Shahnawaz Hussain, spokesperson of Bharatiya Janata Party (BJP) said that “No item of daily consumption – be it onions or tomatoes – is affordable today.”

Congress, heading the ruling UPA that is United Progressive Alliance government, too admitted that Government needs to take responsibility by stepping forward by limiting the price rise and lessening down the burden of the common citizen.

The Trinamool Congress and Nationalist Congress Party (NCP) New Delhi, said on January 17th, that the ruling UPA (United Progressive Alliance) government should consult their allies before reaching any crucial decisions on the price hike.

D.P. Tripathi, NCP spokesperson, said to the media that “The allies should be consulted. There should be a coordination mechanism among alliance partners,”. He also stressed on the fact that allies must meet each other frequently that helps in dealing and sorting out different contentious issues, thereby ensuring better coordination. He said “The more you meet the better.” He added that special attention should be given to this issue, since the common man will be the one to face the daily problems.

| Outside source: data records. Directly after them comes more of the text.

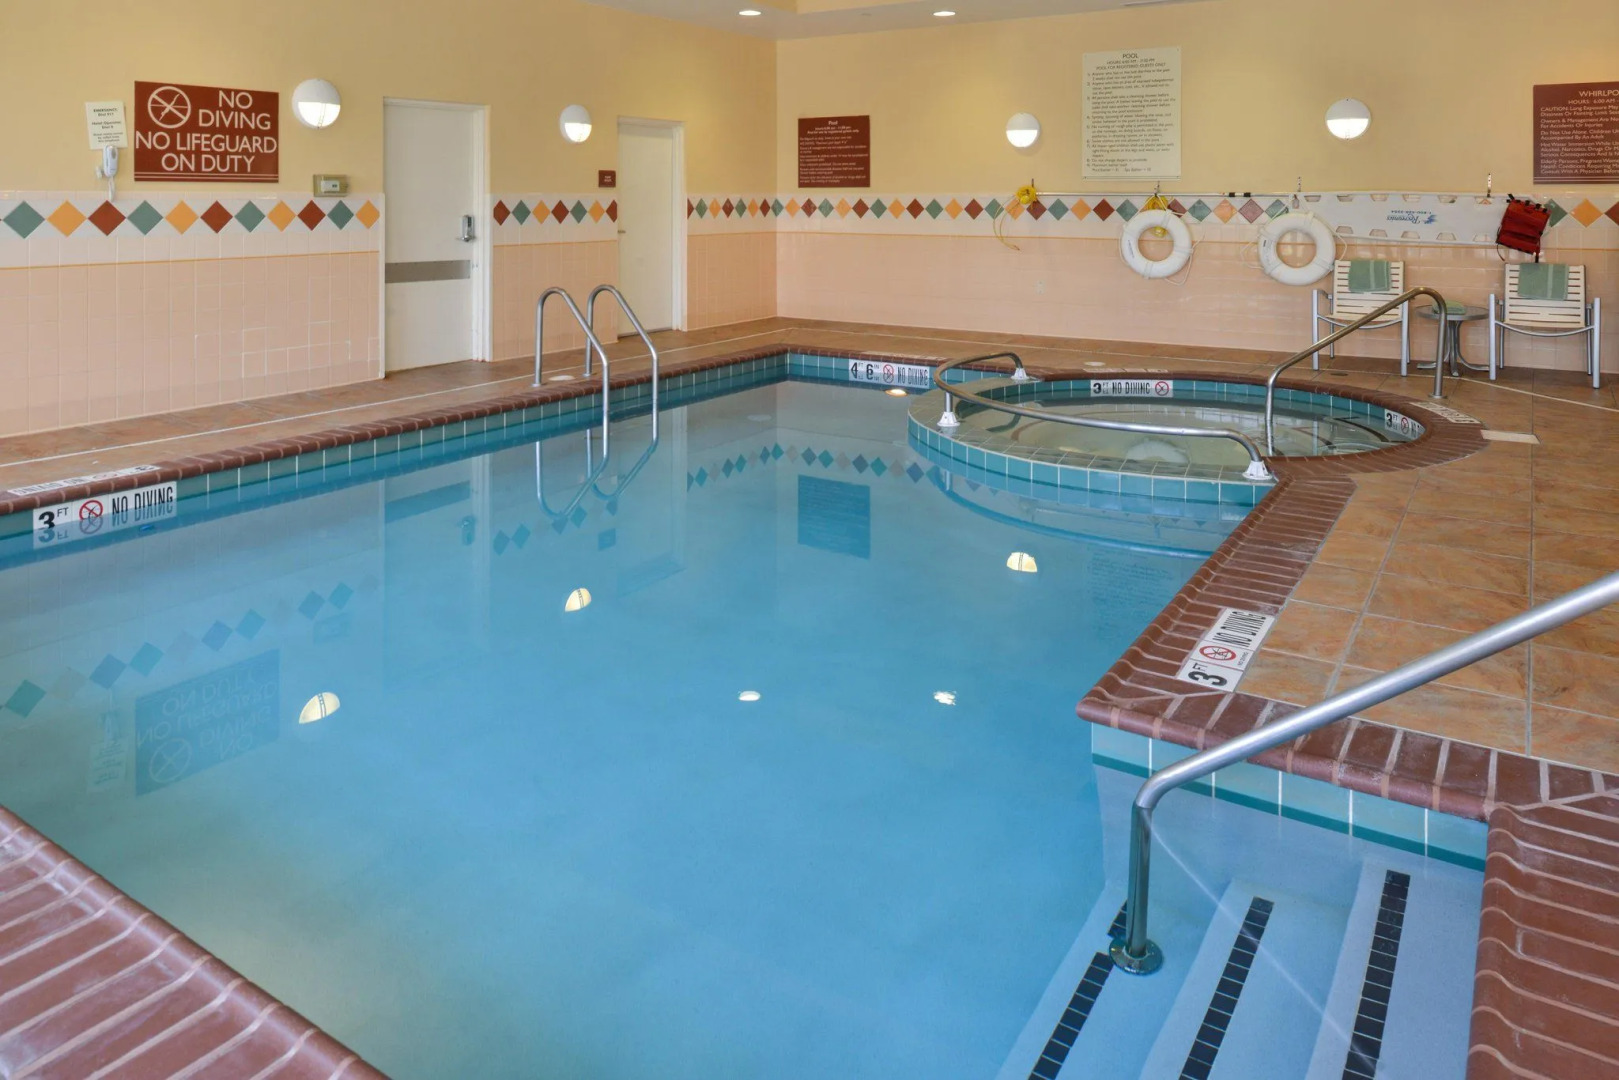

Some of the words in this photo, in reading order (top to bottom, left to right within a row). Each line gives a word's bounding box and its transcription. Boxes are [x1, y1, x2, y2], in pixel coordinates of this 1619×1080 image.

[218, 90, 253, 109] NO
[199, 108, 271, 130] DIVING
[135, 130, 170, 150] NO
[177, 132, 277, 153] LIFEGUARD
[161, 153, 195, 172] ON
[201, 154, 255, 172] DUTY
[866, 364, 874, 375] 6
[1093, 382, 1101, 394] 3
[1112, 382, 1122, 394] NO
[1386, 413, 1392, 427] 3
[112, 496, 128, 516] NO
[134, 486, 173, 511] DIVING
[38, 511, 56, 528] 3
[57, 506, 69, 517] FT
[1212, 632, 1252, 647] NO
[1192, 663, 1208, 672] FT
[1188, 671, 1227, 686] 3
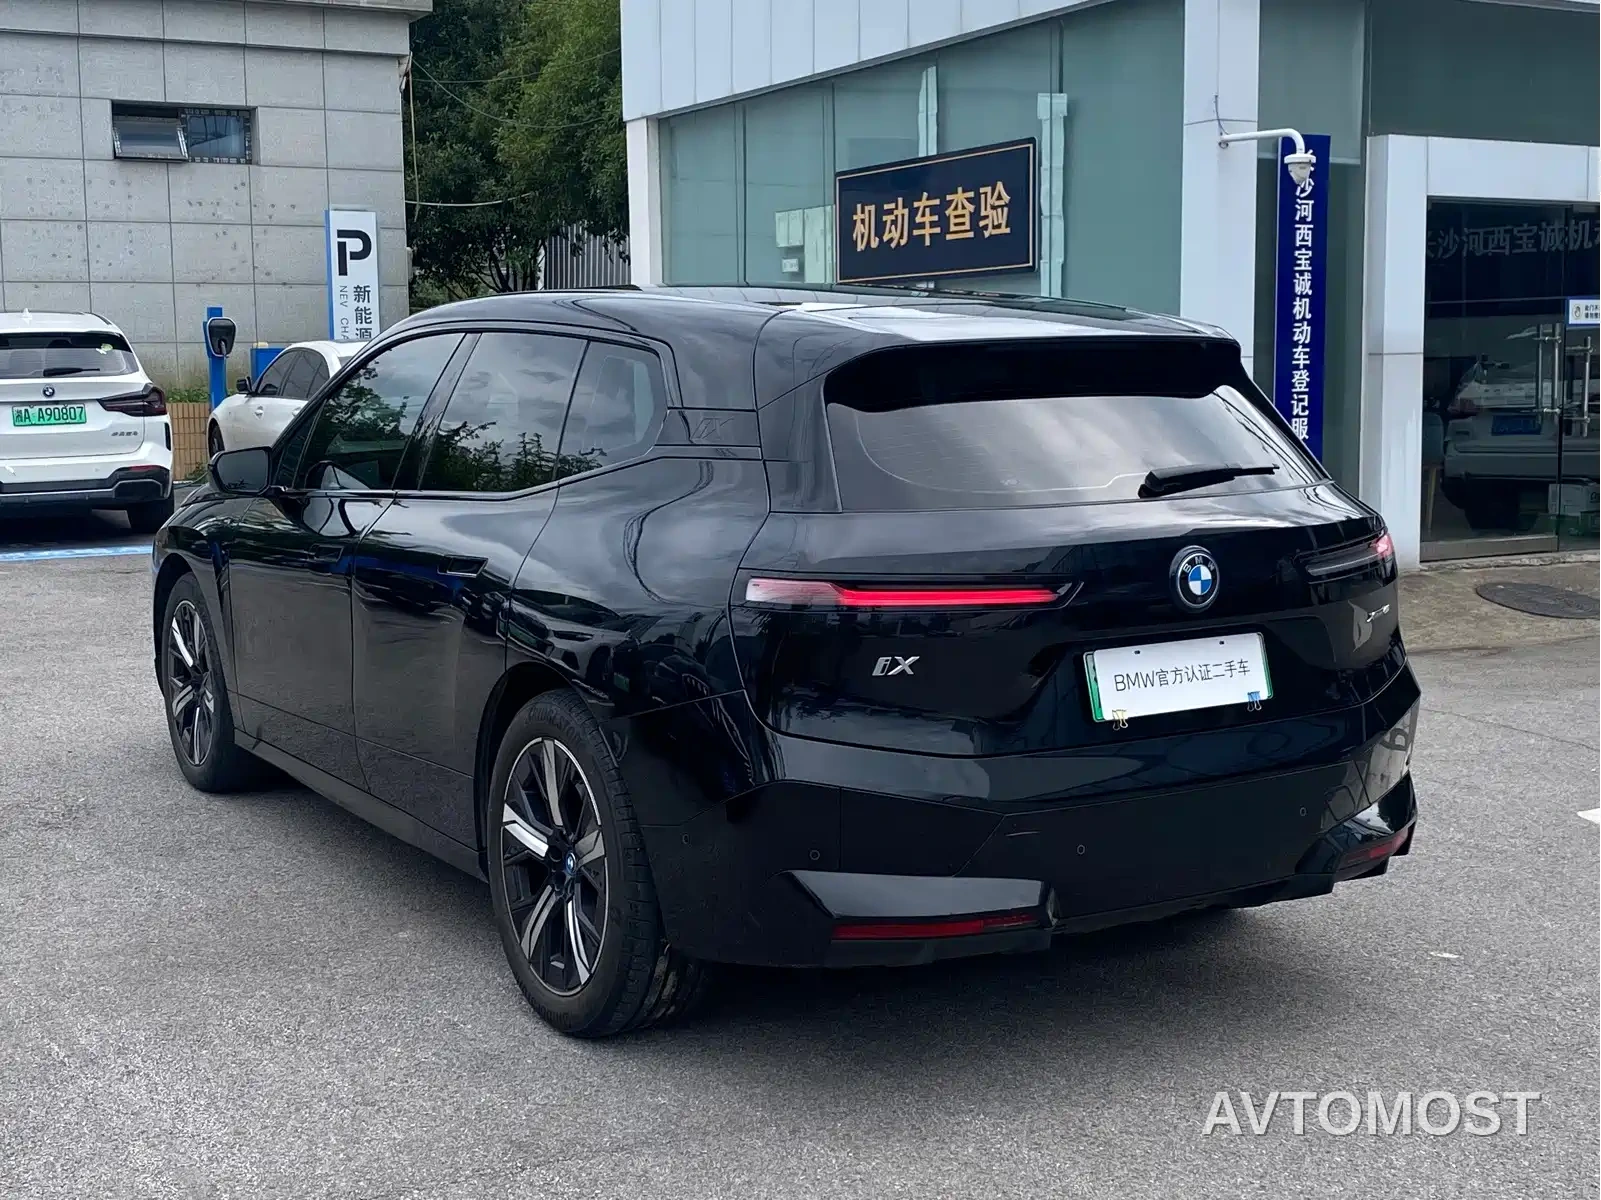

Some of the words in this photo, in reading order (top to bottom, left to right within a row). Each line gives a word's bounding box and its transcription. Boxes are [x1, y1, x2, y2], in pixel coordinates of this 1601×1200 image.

[852, 181, 1011, 252] 机动车查验
[337, 229, 372, 276] P
[339, 285, 349, 308] NEV
[1290, 149, 1315, 440] 沙河西宝诚机动车登记服
[38, 406, 84, 422] A90807
[1182, 555, 1215, 574] BMW
[871, 655, 920, 677] iX
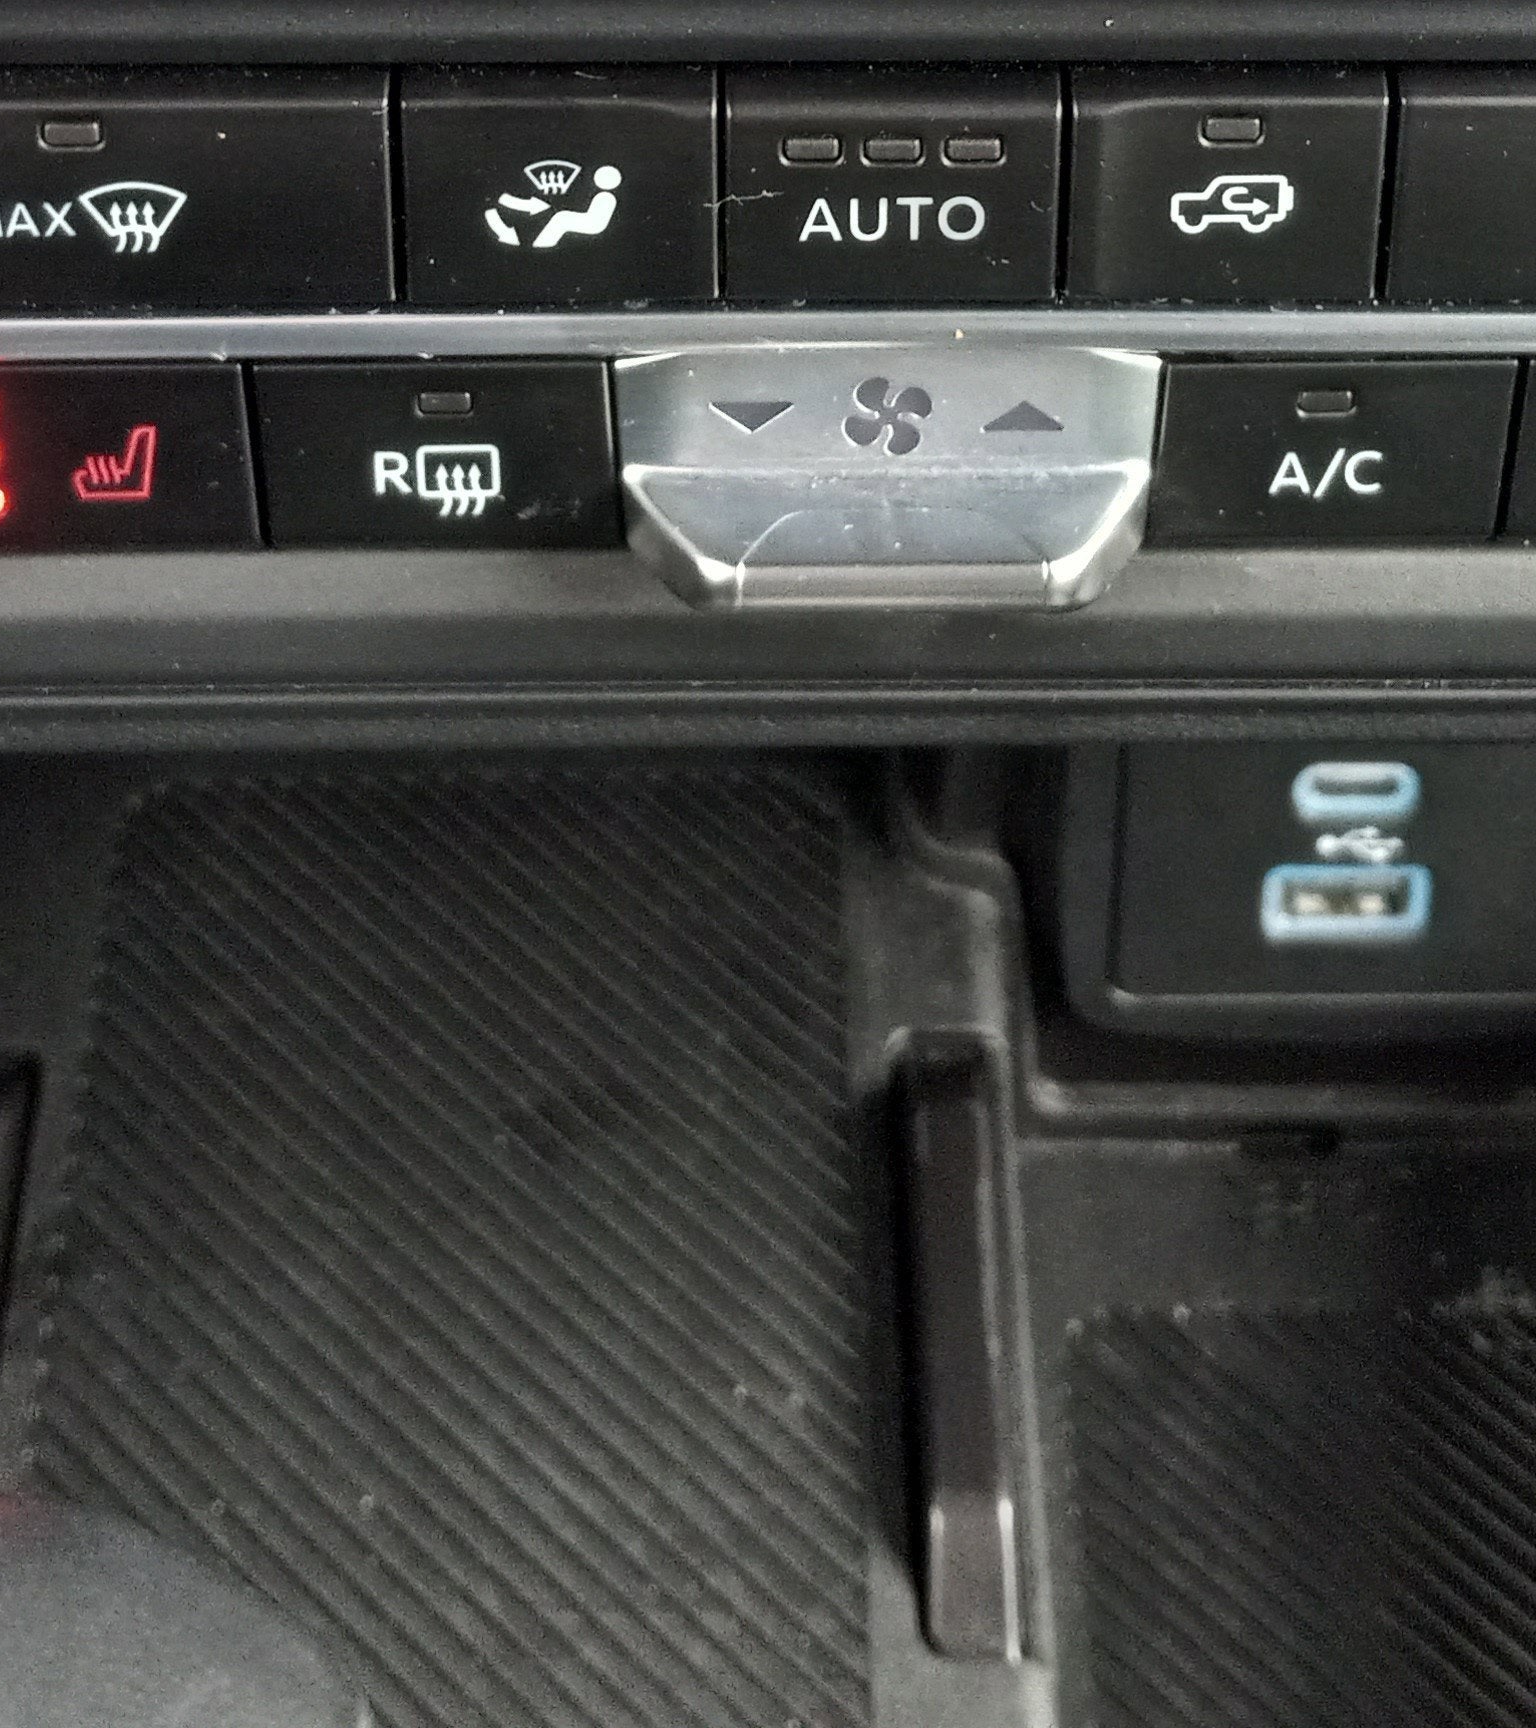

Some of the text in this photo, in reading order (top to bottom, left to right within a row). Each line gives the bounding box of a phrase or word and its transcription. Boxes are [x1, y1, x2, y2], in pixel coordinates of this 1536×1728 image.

[800, 196, 985, 242] AUTO
[373, 451, 410, 494] R
[1269, 448, 1382, 498] A/C

The Trinamool Congress, another key ally, had also on Sunday expressed concern over the petrol price hike and complained that it was not consulted on the issue. The party had said that a meeting of allies should be held every three months to discuss the ideas of different political parties.

Sudip Bandopadhyay, MP of another important ally of the ruling party, Trinamool Congress commented that their party would protest against the price hike in petrol and the subsequent increase in prices of other items and commodities, in Kolkata and different parts of the state of West Bengal.

CITU also went for a 3 hour shutdown of transport from 12P.M to 3 P.M in the state of West Bengal.  This was held as a protest-against the rise in petrol prices.

Condemning the increase in petrol prices, J. Jayalalithaa, AIADMK chief said the increase in price happens to be one of the causes for inflation that the entire country is going through. To quote Jayalalithaa-

“In the last one month, petrol prices have been increased by Rs.2.55 per litre. The prices have gone up by Rs.15 per litre in the last one year.” “If the situation continues, people will have to travel on bullock carts and cycles. The central and the state governments are taking the country back to the stone age,”. She also added that the two-wheelers and auto rickshaw users along with the industries will suffer severely owing to this hike.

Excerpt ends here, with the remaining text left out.